Book Read Free

The Girl from Krakow

Page 37

by Alex Rosenberg


  “Are you sure? Really certain?”

  The young man became grave. “It was the worst moment of my life. I can tell you every detail.” His voice rose. “There was no child!”

  Rita wanted to exult. But she couldn’t. “Sorry. Let’s get back to you . . .” She picked up her pen.

  “Was it your child?” His anger had been replaced by sympathy. She nodded. “You should be glad then. We were all loaded onto cattle wagons for Auschwitz directly from the Aktion. I’m sorry, but your parents were selected immediately.”

  Suddenly Rita had the image. She would not allow herself to dwell on it for a moment. Not now. Perhaps later. “And you? What happened to you?”

  “I was sixteen. They took my parents and my younger sister. They put me on the fire brigade for Canada—that’s what we called the storage depot in Birkenau where they kept all the stuff they took off the people they gassed. Then they moved me around to some of the other camps. Then I was a cook for a while. That saved my life . . .” He looked down at his hands, all bones and protruding veins. “Fattened me up.” He laughed. “Then we marched for months back to Germany last winter.”

  “So, anyone to trace?”

  “I had some cousins in Nowy Sacz.”

  “I’m going back to Poland as soon as I can.” It was the first thing Rita said to Dani that evening. Working at separate desks in different barracks, they had not seen each other all day. Before Dani could ask, she explained what she had learned. “There is a chance, you see? He may still be alive somewhere.”

  Dani did not even pause to digest the news. She pulled a battered suitcase out from beneath her cot and unbelted it.

  “Don’t do it, Rita.” Thompson, the camp administrator, was considering the matter the next morning. “No passports, and anyway, the borders are closed between Germany and Czechoslovakia. No idea what the situation is at the Czech-Polish border. I’d wait till things get normalized more. Besides, we need you here.”

  Both women shook their heads. Dani spoke. “The longer we wait, the colder the trail gets.”

  “We? Are you both going?”

  “I never found out exactly what happened to my parents or . . . my brother.” Dani didn’t have a brother. Rita supposed the lie was just something Dani had contrived to add to her urgency.
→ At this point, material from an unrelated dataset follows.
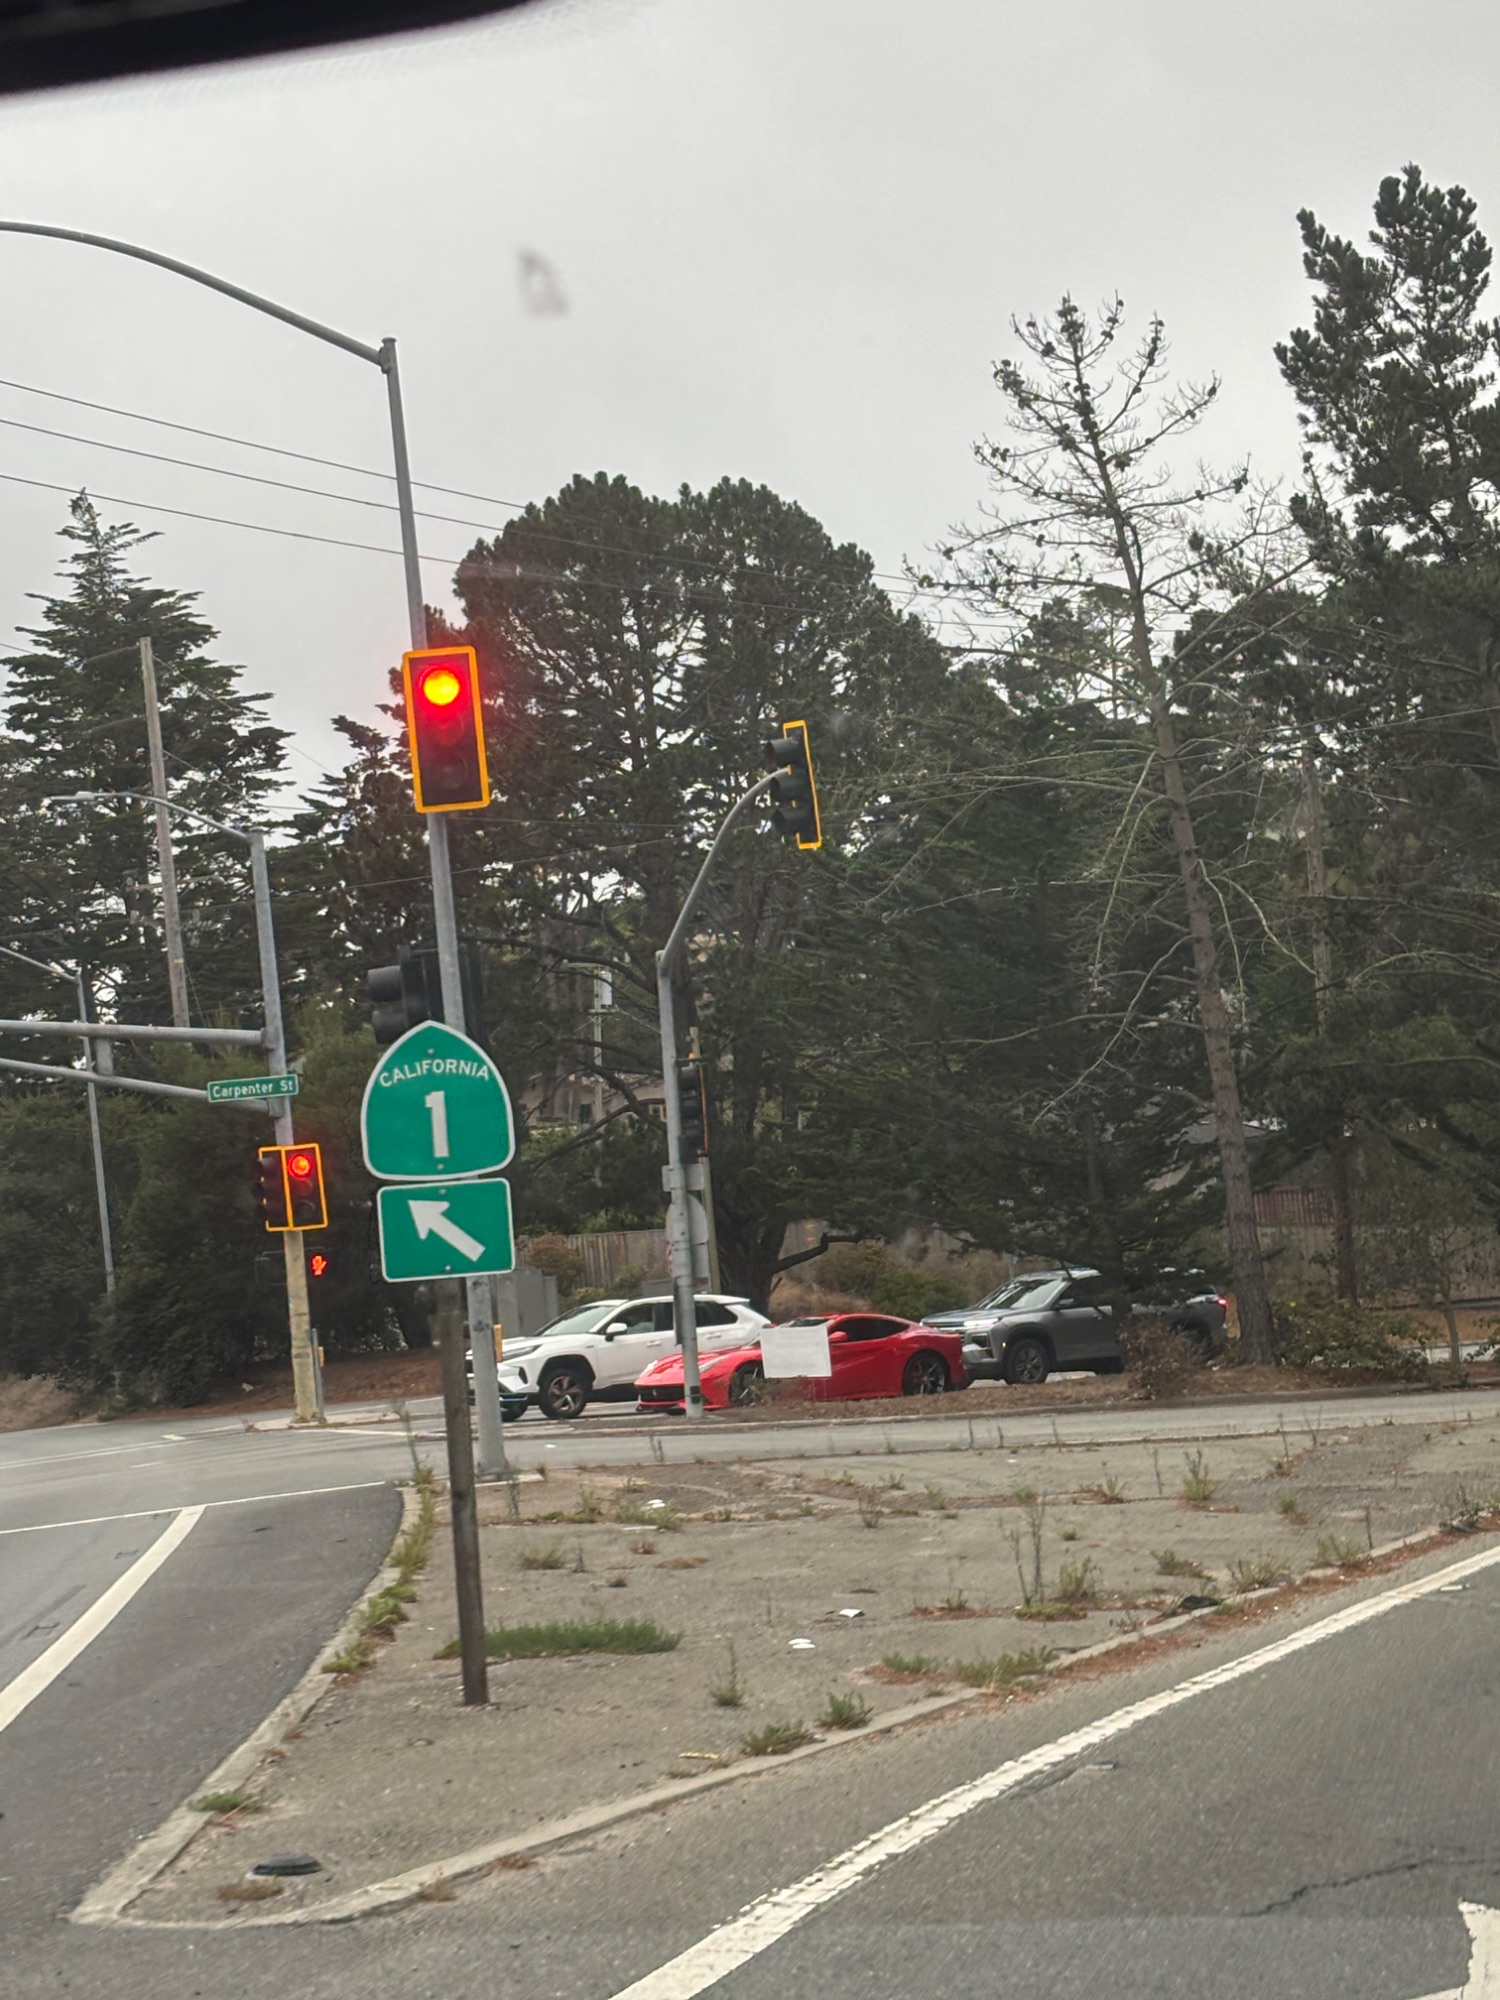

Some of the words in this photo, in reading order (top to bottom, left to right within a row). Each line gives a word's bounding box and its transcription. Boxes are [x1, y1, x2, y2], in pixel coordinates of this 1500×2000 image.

[379, 1058, 490, 1087] CALIFORNIA
[212, 1083, 273, 1098] Carpenter
[279, 1080, 294, 1091] St
[424, 1090, 450, 1158] 1
  “Look, I’ll rough out some official-looking documents—authorizations, identities—on official letterhead. At least I can get you accommodation in Munich and Regensburg and travel authority for the railways. You’ll have to go through Regensburg to slip into Czechoslovakia. It’s the shortest path to Poland. I’ll give you the name of someone who can help on the Czech side.”

  “How do you know anyone?” Rita was surprised at the offer and the local knowledge.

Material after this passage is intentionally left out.